Sunday, February 28, 2010

KNOXVILLE -- Because every University of Tennessee basketball story is vastly improved by at least one quote from senior forward Wayne Chism, we'll begin coverage of the Volunteers' monumental 74-65 victory over Kentucky with a few of Wayne's words.

Asked when he knows UT coach Bruce Pearl is excited, Chism said, "He be red."

The Vols could have painted their town red, orange or any other color they liked Saturday after making the nationally second-ranked Wildcats see red and feel blue inside Thompson-Boling Arena.

Just as UT made top-ranked Kansas disappear 48 days earlier, the Vols similarly vaporized a UK squad that entered with a 27-1 record and eight straight wins.

"You don't get too many opportunities to beat two (potential) No. 1 seeds, and we've done that," Pearl said. "I think our team and our program was on display tonight."

What Tennessee again best displayed against the Cats was Pearl's genius against highly ranked foes. Especially John Calipari-coached teams.

Just as Bruce Almighty frustrated Kansas in early January despite playing just six scholarship players and three walk-ons, much as he stunned Calipari's top-ranked Memphis Tigers two years ago on the road, he bamboozled UK with a rare (for UT, anyway) matchup zone defense and an offense built around his undersized but quick guards driving the ball to the rim.

"We played some man (defense)," said UT senior point guard Bobby Maze, who scored nine points, handed out five assists and committed only one turnover in 26 minutes. "But we went zone about 90 percent of the time."

Added senior wing J.P. Prince, who led the Vols with 20 points, including eight of UT's final 13: "We wanted them to have to shoot 3s one foot farther outside than they wanted. If they hit them, you say, 'Good shot.' But they didn't."

Indeed, continuing an alarming trend for UK fans that now has reached three straight games with the Cats hitting three or fewer treys, Big Blue missed 20 of 22 3-pointers against the Big Orange. It marked the eighth time this season that UK has displayed such ineptness from long range, a stat that could augur a short NCAA tourney run.

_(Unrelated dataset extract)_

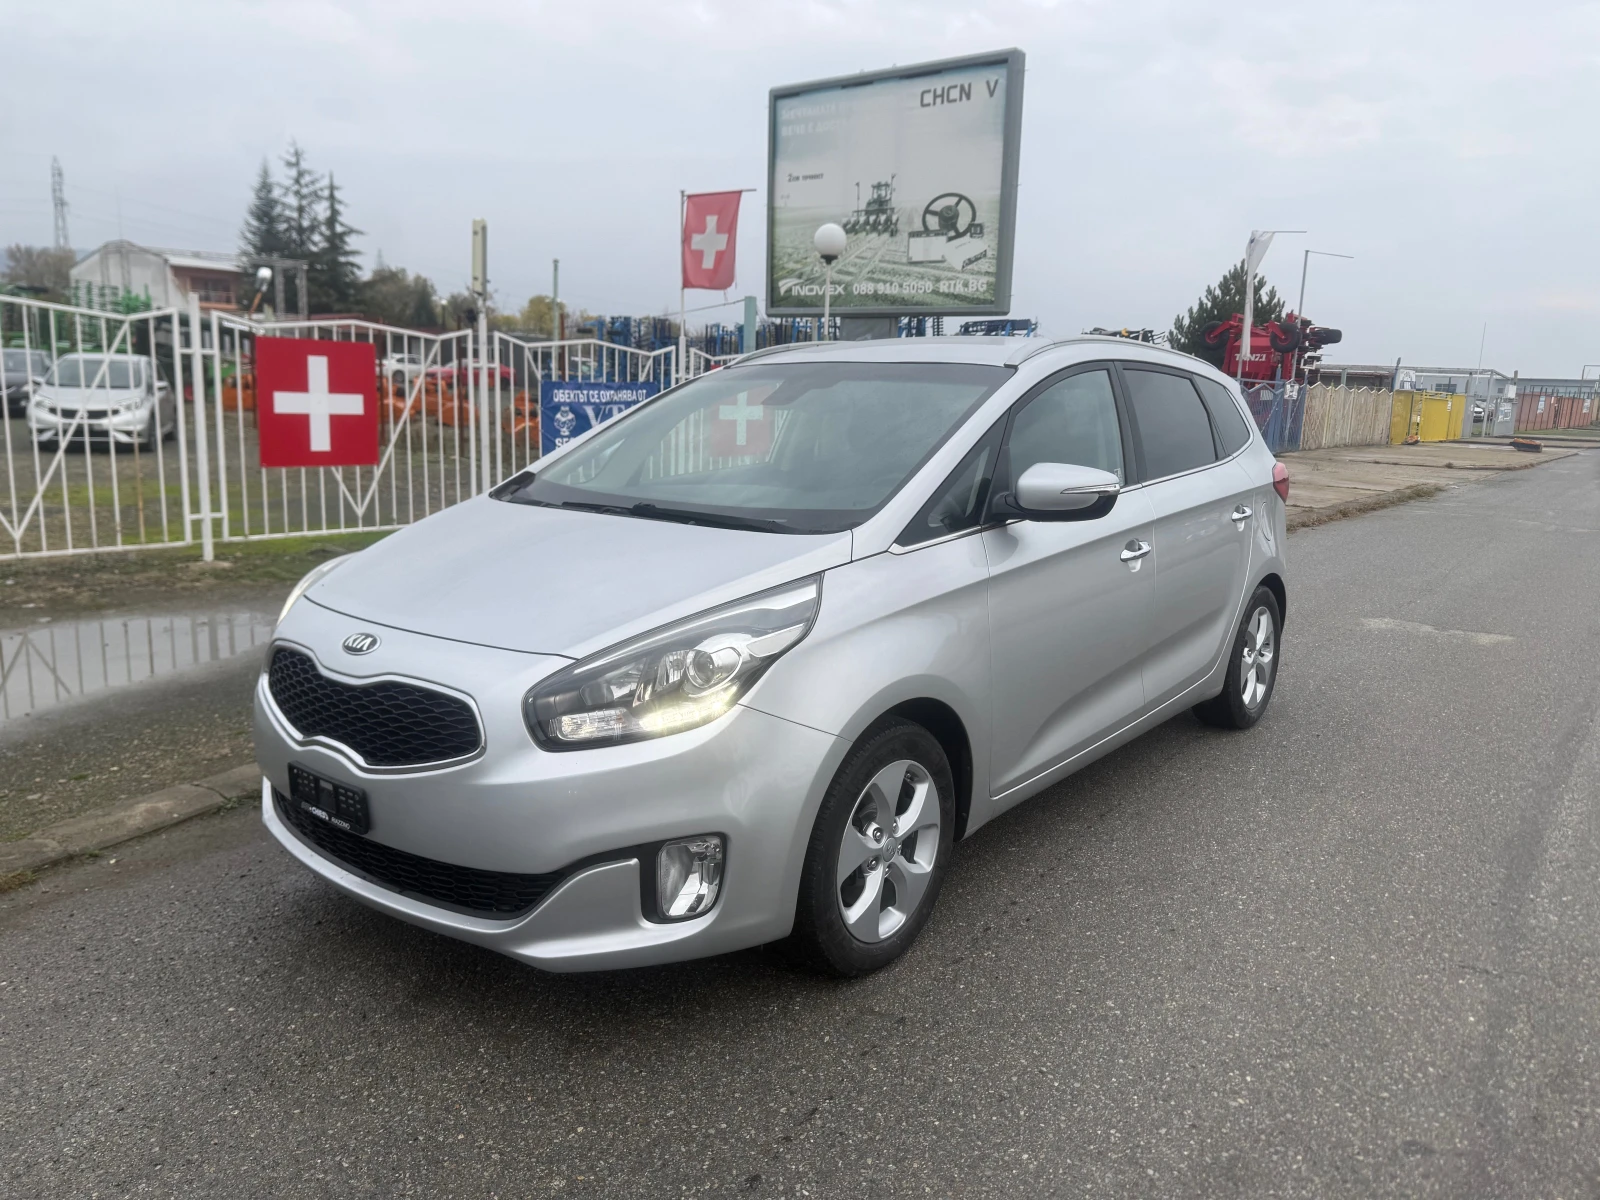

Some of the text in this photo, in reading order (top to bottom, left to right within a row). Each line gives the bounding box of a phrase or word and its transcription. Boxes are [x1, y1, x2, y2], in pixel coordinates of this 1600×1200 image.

[920, 82, 971, 108] CHCN
[792, 279, 988, 296] INOVEX 088 910 5050 RTK.BG
[553, 388, 647, 403] ОБЕКТЪТ СЕ ОХРАНЯВА ОТ
[344, 634, 373, 651] KIA

"We hit them in practice," said John Wall, the UK freshman sensation who led the Wildcats with 19 points but committed five turnovers.

But they couldn't hit them against Pearl's zone and they couldn't stop the Vols from hitting six of them, including the shot of the game from Kentucky native Scotty Hopson, whose deep triple off the left wing with 38 seconds to play gave UT a 70-65 lead.

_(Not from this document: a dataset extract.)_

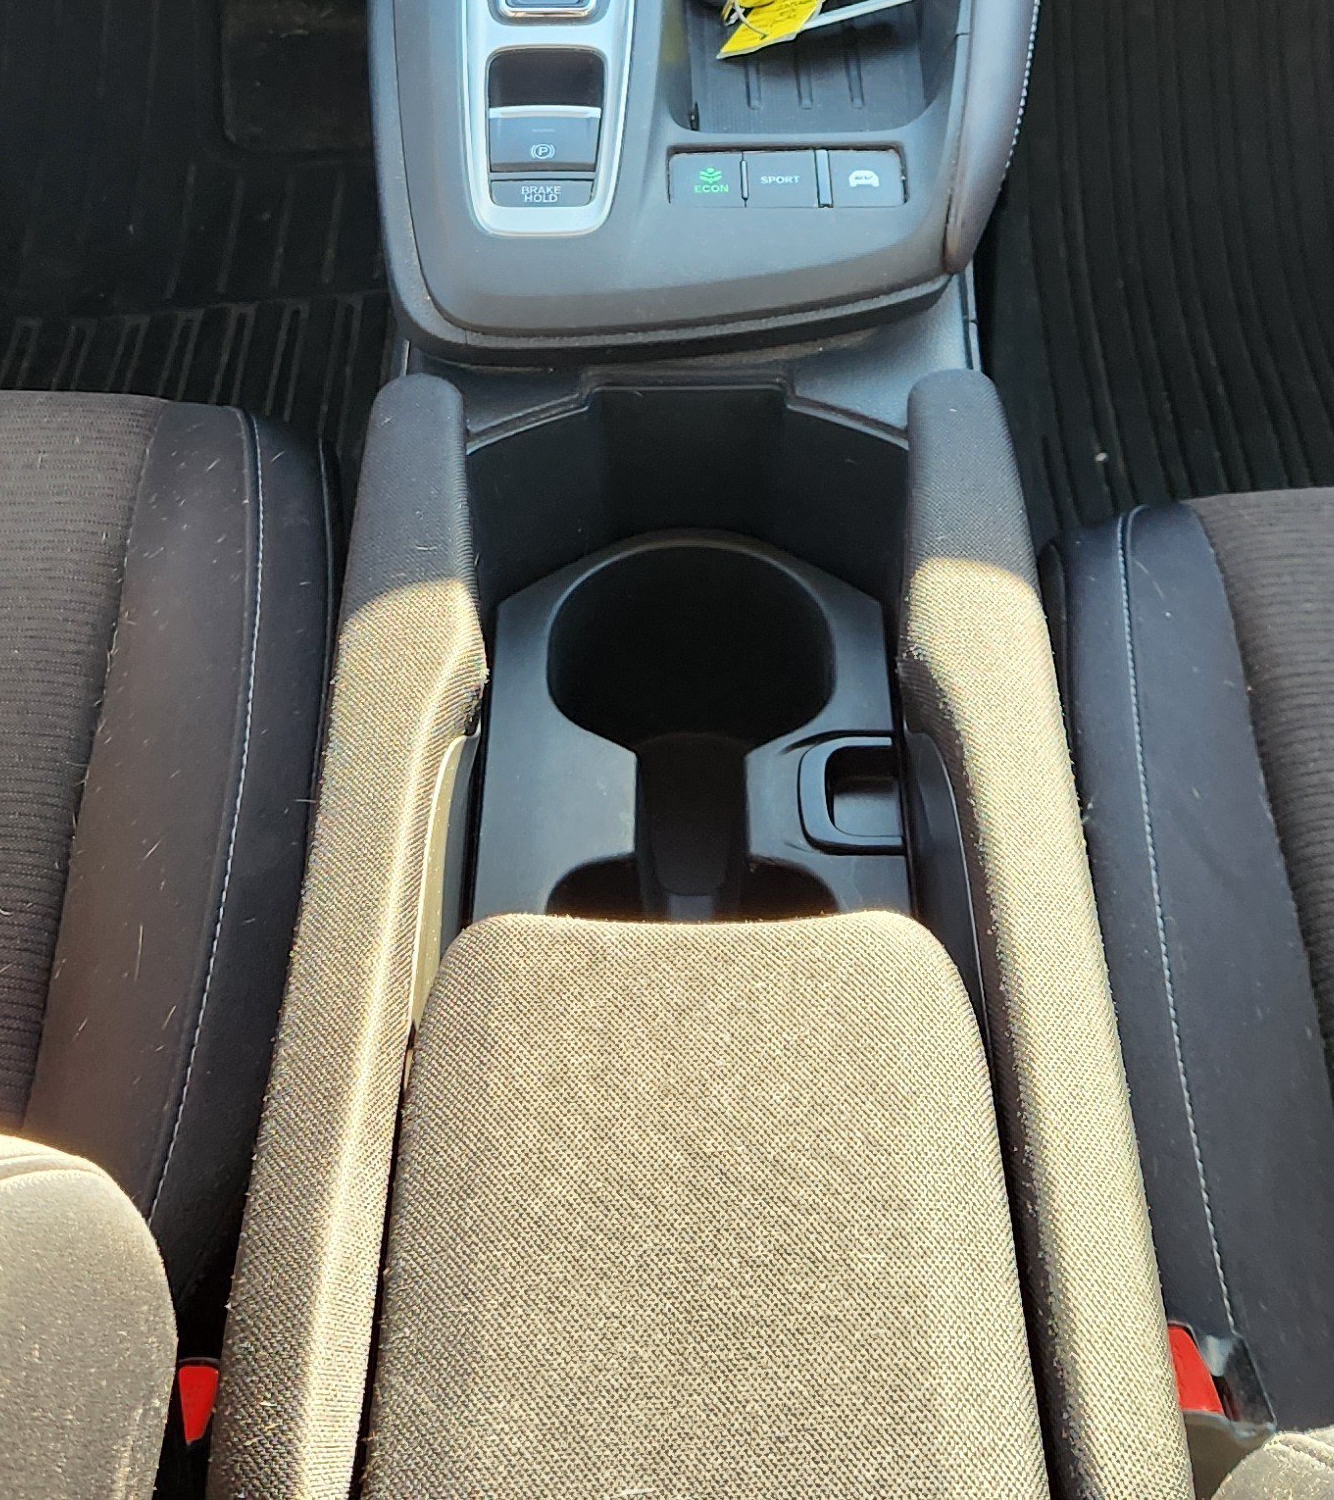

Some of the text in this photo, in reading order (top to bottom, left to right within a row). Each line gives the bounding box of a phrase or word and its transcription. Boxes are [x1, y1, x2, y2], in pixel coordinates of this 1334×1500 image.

[761, 175, 800, 184] SPORT
[521, 186, 562, 195] BRAKE
[694, 184, 729, 193] ECON
[524, 193, 558, 203] HOLD

Said Chism of that shot, which made the sophomore Hopson a winner over Kentucky for the first time in four tries: "He's fixin' to talk some trash when he gets home."

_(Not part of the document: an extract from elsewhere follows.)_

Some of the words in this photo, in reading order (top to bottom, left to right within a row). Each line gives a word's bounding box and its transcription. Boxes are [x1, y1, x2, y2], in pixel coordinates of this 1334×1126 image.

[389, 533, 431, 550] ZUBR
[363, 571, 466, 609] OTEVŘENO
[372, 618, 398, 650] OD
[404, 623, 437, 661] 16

No one of these Vols can talk trash more than Prince, the fifth-year senior from Memphis who tormented Calipari when he was coaching the Tigers.

"(Cal's) watched me play since the seventh grade," said Prince, who first became annoyed with Calipari two years ago when the coach insisted on calling him P.J. instead of J.P. "He's always going to challenge me. That's why I play so well against his teams."

He played particularly well on a spin move that resulted in a dunk against UK freshman Eric Bledsoe late in the second half.

"The White Station (High) spin move," Prince said with a grin. "I'll take my chances against anybody one-on-one with that move."

Taking your chances in the NCAA tournament against the Vols (21-7, 9-5) is beginning to look more and more a risk. Formerly suspended players Melvin Goins (7 points, 4 rebounds, 2 assists), Cameron Tatum (9 points) and Brian Williams (7 rebounds, 2 points, 2 blocks) all contributed mightily to this victory, which included nine UT players playing at least 12 minutes each.

The Vols led by 19 five minutes into the second half and closed on a 9-0 run against a UK squad Maze called "the best final-five-minutes team in basketball."

Said Calipari: "They just wanted it more."

If they did, it all began with Pearl, who told his team before the opening tip, "It's not going to be a great season unless we beat Kentucky."

That mission accomplished, UT be golden.